Contudo, a vedação à realização de “lives eleitorais”, mediante a promoção de eventos abertos ao público em geral, na modalidade virtual ou presencial, com a participação de artistas para fins de promoção de candidatos, reproduzida no texto do art. 17 da Resolução TSE n. 23.610/19, que disciplinou a propaganda eleitoral no pleito de 2020, não implica a proibição de eventos de natureza arrecadatória, como o objeto dos autos, agendado para o dia 07.11.2020, que não será gratuito e, portanto, se restringirá às pessoas que adquirirem o ingresso para assistir à apresentação virtual do cantor Caetano Velloso, e, ademais, não contará com a presença dos candidatos representados, Manuela D’Ávila e Miguel Rossetto.

Nesse particular, o valor de R$ 30,00 (trinta reais), cobrado a título de ingresso, deve ser avaliado no contexto de uma apresentação virtual, que possui custos substancialmente menores do que uma apresentação presencial, tendo restado comprovado, como salientou o ilustre relator, que o cantor Caetano Velloso, em outras oportunidades, realizou lives gratuitas, a exemplo de outros artistas de renome.

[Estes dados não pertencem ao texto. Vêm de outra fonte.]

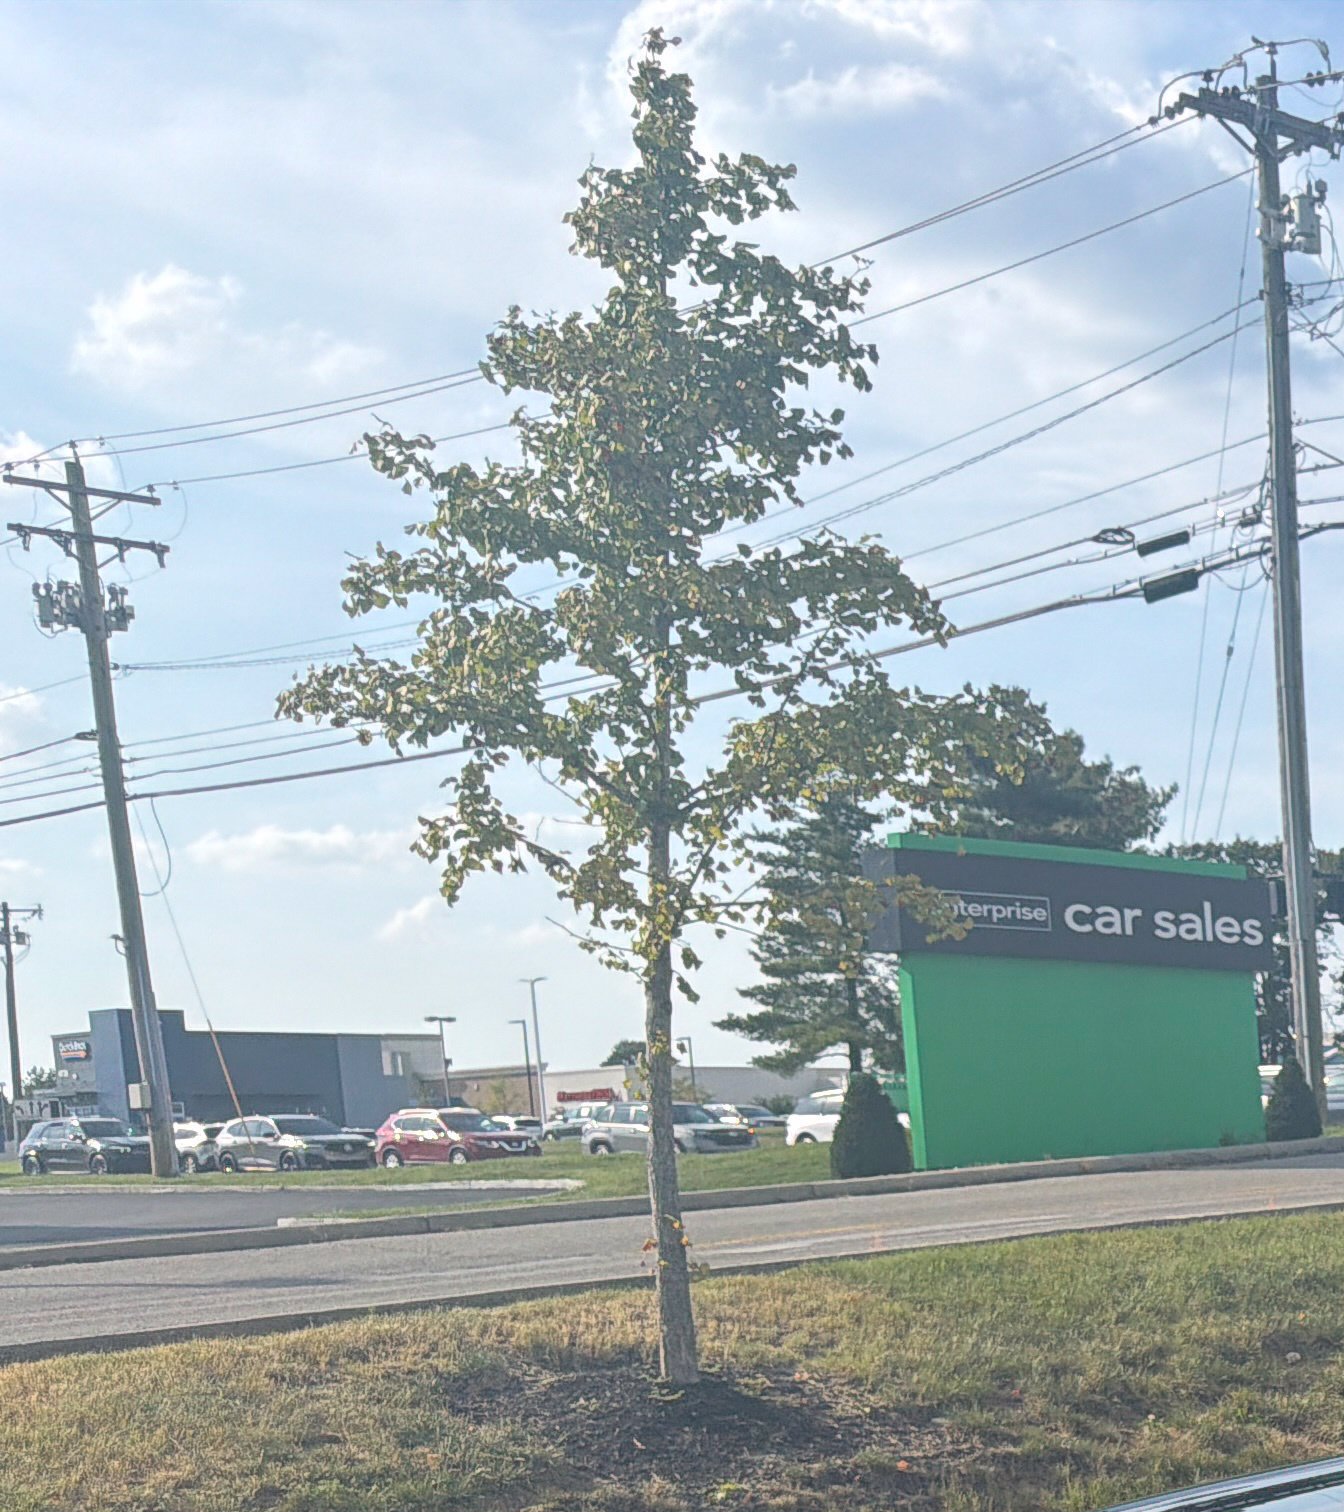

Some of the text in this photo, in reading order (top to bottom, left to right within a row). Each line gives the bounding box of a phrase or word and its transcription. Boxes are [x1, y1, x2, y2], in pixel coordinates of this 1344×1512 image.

[941, 901, 1264, 946] terprise car sales

Assim, atendo-me, especialmente, a essas características do evento, considero inviável aderir à tese divergente de que se estaria diante de um “evento eleitoral, de promoção de campanha, no qual o protagonismo não é da candidata, mas sim de um terceiro artista que faz um espetáculo objetivando entreter a plateia, atrair público para a campanha, como forma de arrecadação e divulgação (...), assemelhado aos showmícios presenciais (...)”, que atrairia a incidência da proibição constante do art. 39, § 7º, da Lei n. 9.504/97 e do art. 17 da Resolução TSE n. 23.610/19.

E ainda que, em tese, vislumbre, como proposto no voto divergente, a possibilidade de eventos eleitorais de arrecadação assumirem o caráter de eventos de propaganda política, tornando necessária a conjunção das normas relativas à sua regulamentação àquelas relativas à propaganda eleitoral, notadamente quando envolvem a participação de artistas das mais diversas áreas culturais, na minha avaliação, a adoção de tal providência não se faz necessária na hipótese concreta, em razão das características do evento mencionadas anteriormente.

Nesse passo, a arrecadação de recursos é uma prerrogativa essencial dos candidatos para o financiamento das suas campanhas, com previsão no art. 23, § 4º, inc. V, da Lei n. 9.504/97, em texto reproduzido no art. 30 da Resolução TSE n. 23.607/19, que autoriza, de forma expressa, as doações, em dinheiro ou estimáveis em dinheiro, provenientes de pessoas físicas aos candidatos de sua preferência, bem como a promoção de eventos arrecadatórios diretamente pelo candidato ou partido político.

Finalizando minha manifestação, pontuo, na linha do que precisamente constou do voto do relator e do parecer da Procuradoria Regional Eleitoral, que o reconhecimento da licitude e a consequente autorização da realização do evento não importam imunizá-lo à investigação e ao sancionamento de eventual abuso de poder econômico que venha a ser cometido (art. 22 da LC n. 64/90) ou de ilicitude praticada na arrecadação e destinação dos recursos auferidos, em sede das vias processuais adequadas, pela Justiça Eleitoral.

Com essas considerações, acompanhando o voto do eminente relator, VOTO pelo afastamento da matéria preliminar e, no mérito, pelo provimento do recurso interposto por Manuela Pinto Vieira D’Ávila e a Coligação Movimento Muda Porto Alegre (PC do B e PT) e Miguel Soldatelli Rossetto, ao fim de julgar improcedente a presente representação e autorizar a divulgação e a realização do evento agendado para o dia de 07.11.2020.